Antagonism of Nodal signaling by BMP/Smad5 prevents ectopic primitive streak formation in the mouse amnion

The strength and spatiotemporal activity of Nodal signaling is tightly controlled in early implantation mouse embryos, including by autoregulation and feedback loops, and involves secreted and intracellular antagonists. These control mechanisms, which are established at the extra-embryonic/embryonic interfaces, are essential for anterior-posterior patterning of the epiblast and correct positioning of the primitive streak. Formation of an ectopic primitive streak, or streak expansion, has previously been reported in mutants lacking antagonists that target Nodal signaling. Here, we demonstrate that loss-of-function of a major bone morphogenetic protein (BMP) effector, Smad5, results in formation of an ectopic primitive streak-like structure in mutant amnion accompanied by ectopic Nodal expression. This suggests that BMP/Smad5 signaling contributes to negative regulation of Nodal.

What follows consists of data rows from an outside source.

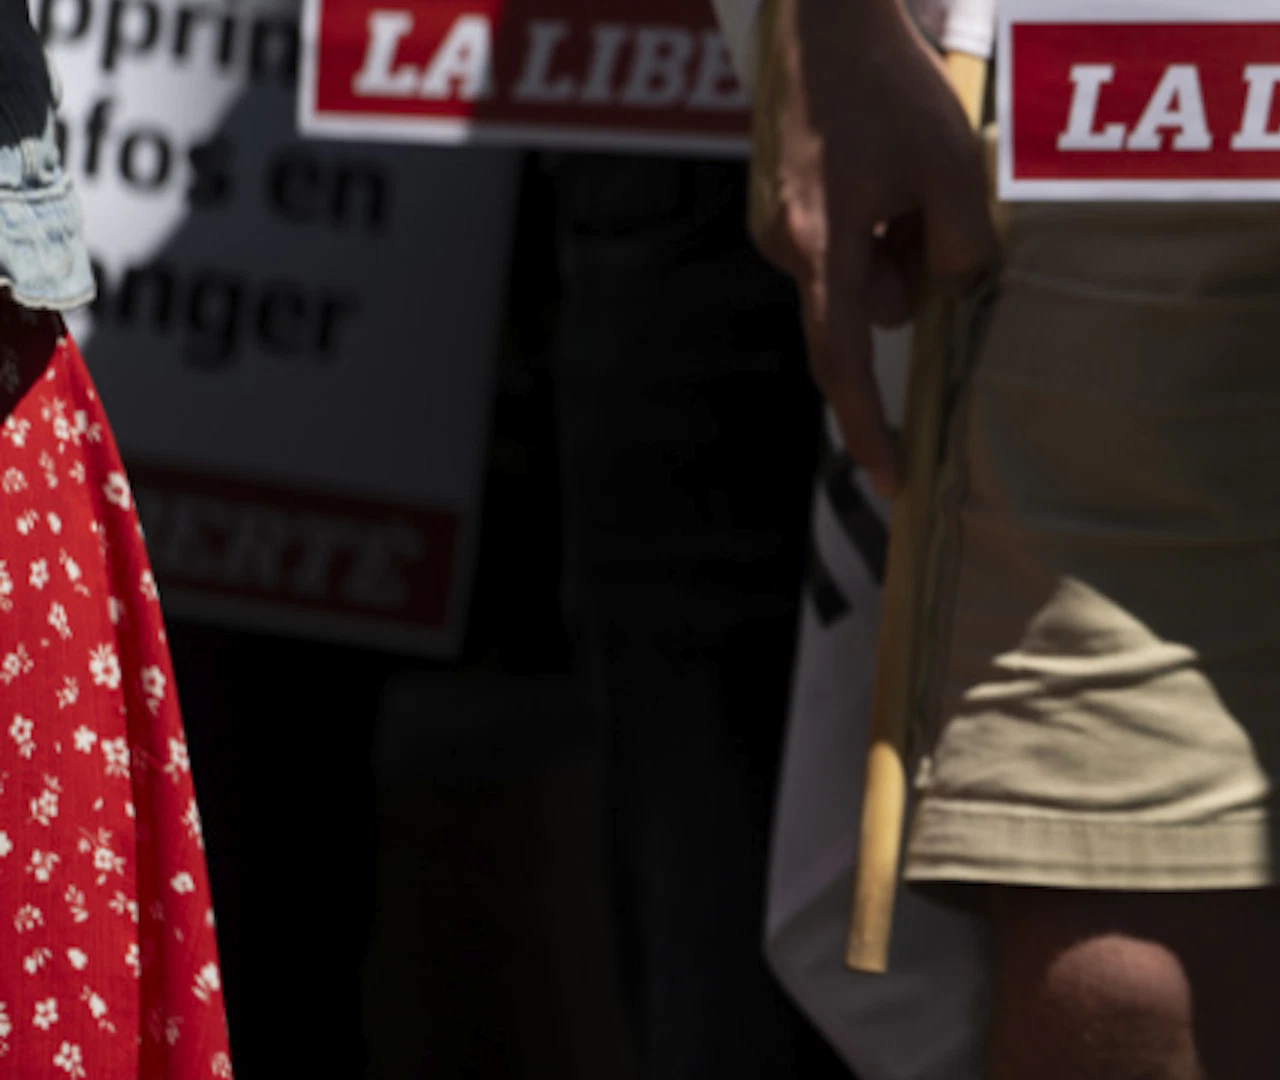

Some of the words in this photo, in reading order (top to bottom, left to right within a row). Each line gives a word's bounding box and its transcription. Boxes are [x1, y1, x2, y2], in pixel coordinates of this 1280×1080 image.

[353, 9, 490, 100] LA
[1056, 63, 1213, 152] LA
[268, 153, 391, 232] en
[97, 263, 358, 372] nger
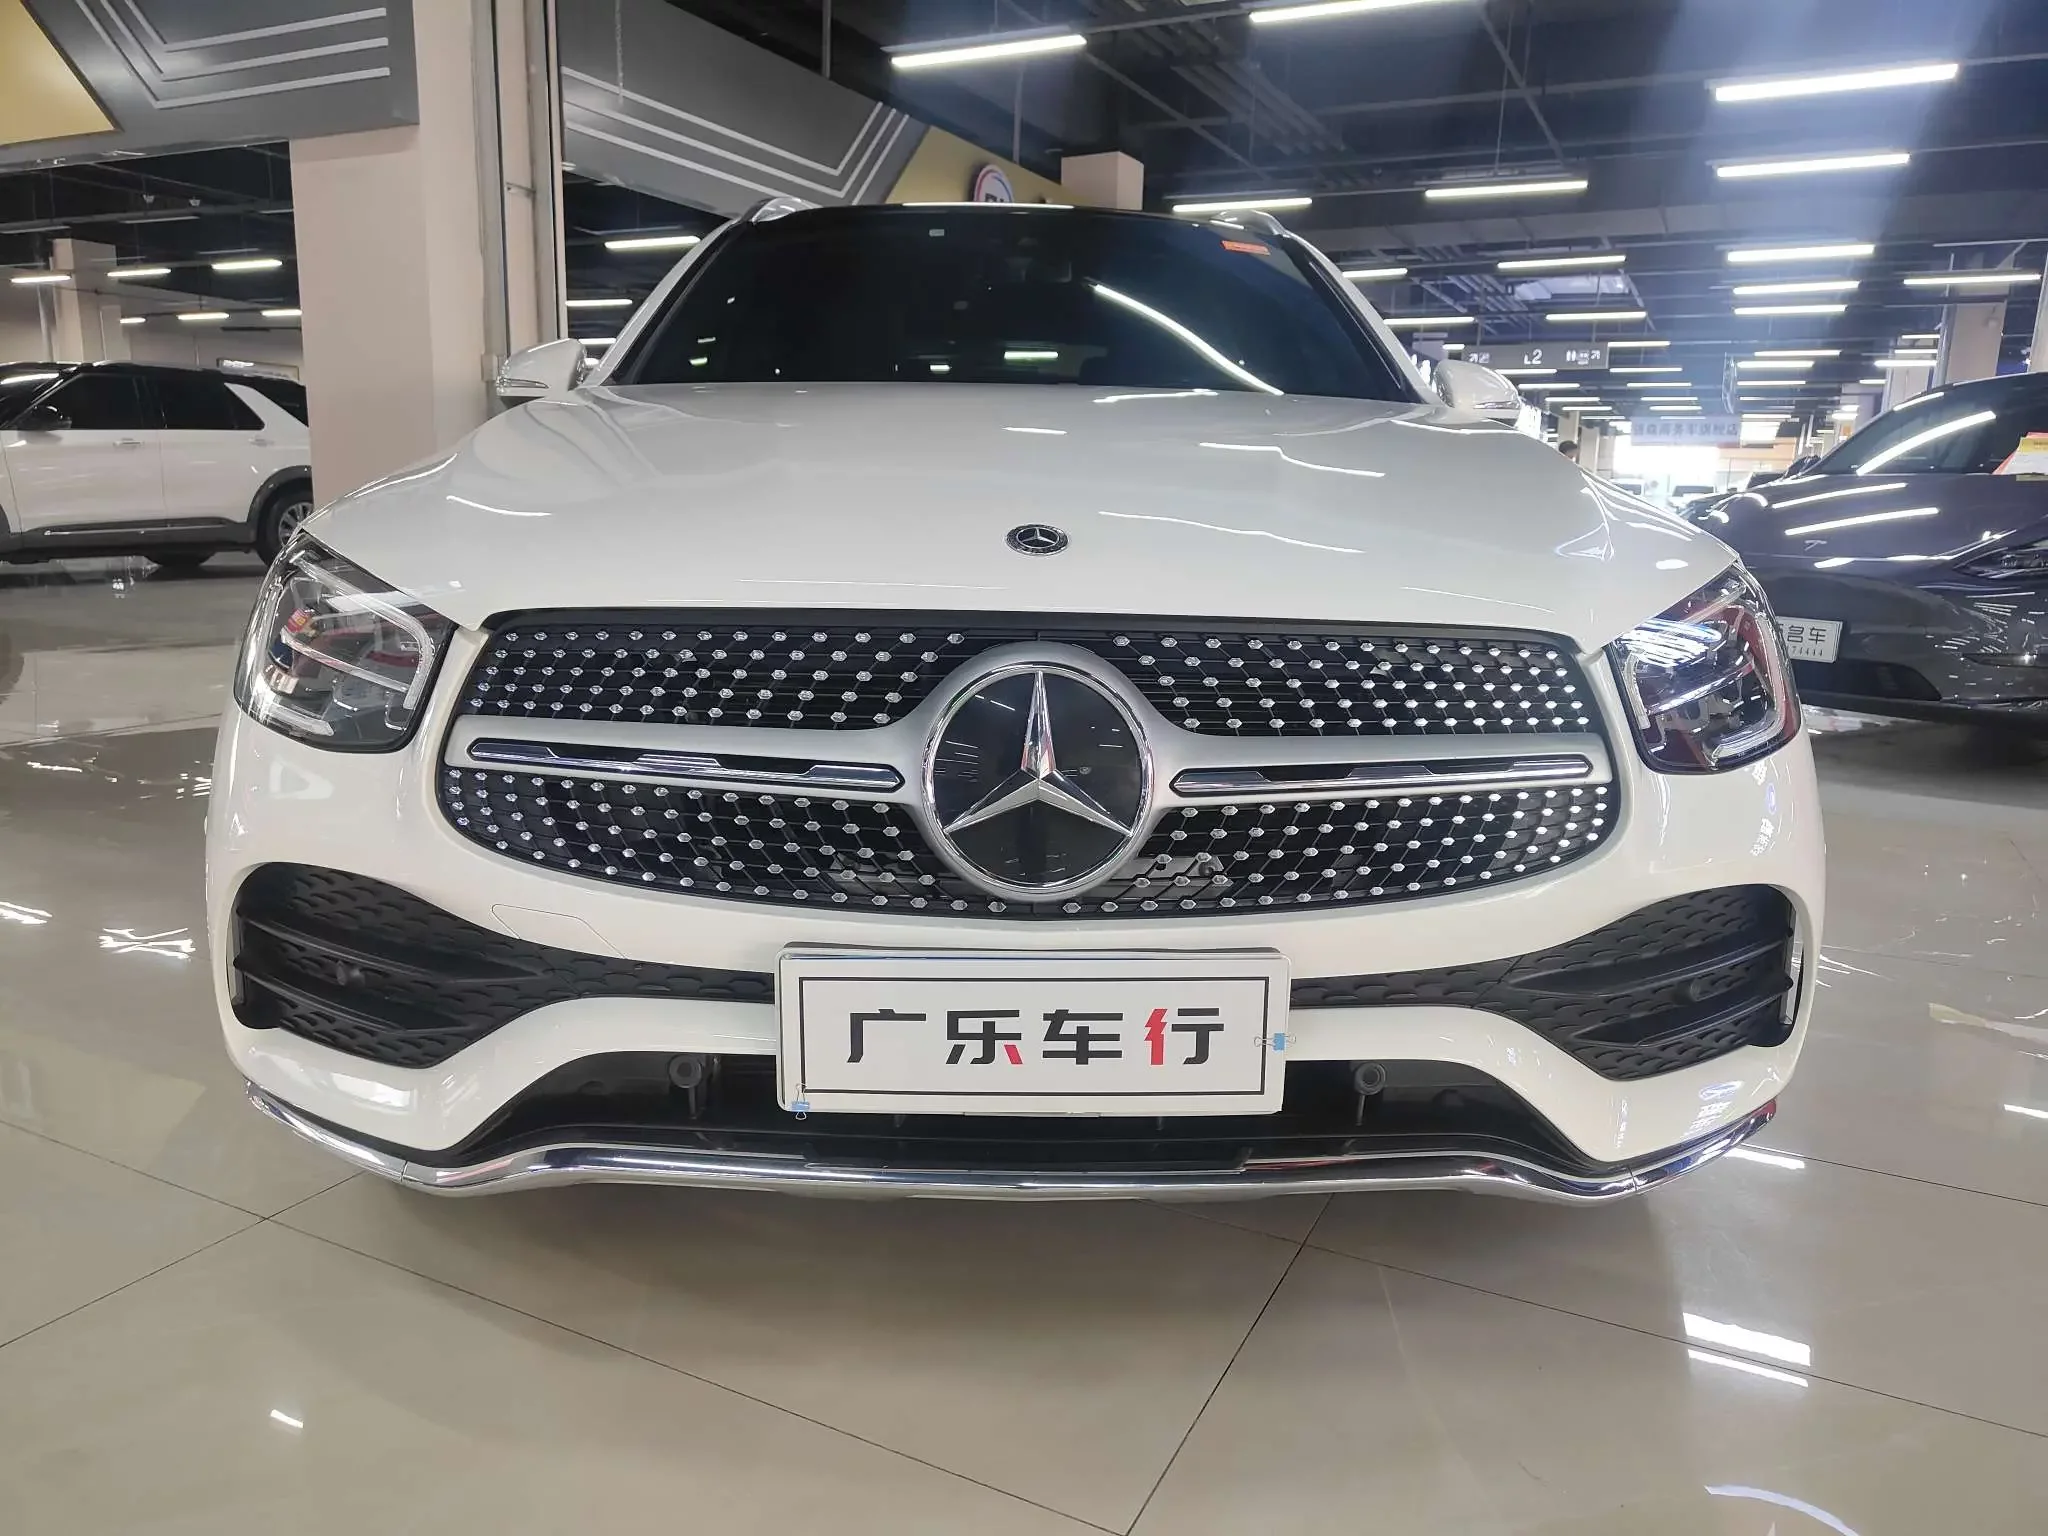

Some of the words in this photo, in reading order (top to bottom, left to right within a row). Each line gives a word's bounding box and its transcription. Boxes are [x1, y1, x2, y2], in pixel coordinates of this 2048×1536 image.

In cultured cells, we find that BMP-activated Smad5 antagonizes Nodal signaling by interfering with the Nodal-Smad2/4-Foxh1 autoregulatory pathway through the formation of an unusual BMP4-induced Smad complex containing Smad2 and Smad5. Quantitative expression analysis supports that ectopic Nodal expression in the Smad5 mutant amnion is induced by the Nodal autoregulatory loop and a slow positive-feedback loop. The latter involves BMP4 signaling and also induction of ectopic Wnt3. Ectopic activation of these Nodal feedback loops in the Smad5 mutant amnion results in the eventual formation of an ectopic primitive streak-like structure. We conclude that antagonism of Nodal signaling by BMP/Smad5 signaling prevents primitive streak formation in the amnion of normal mouse embryos.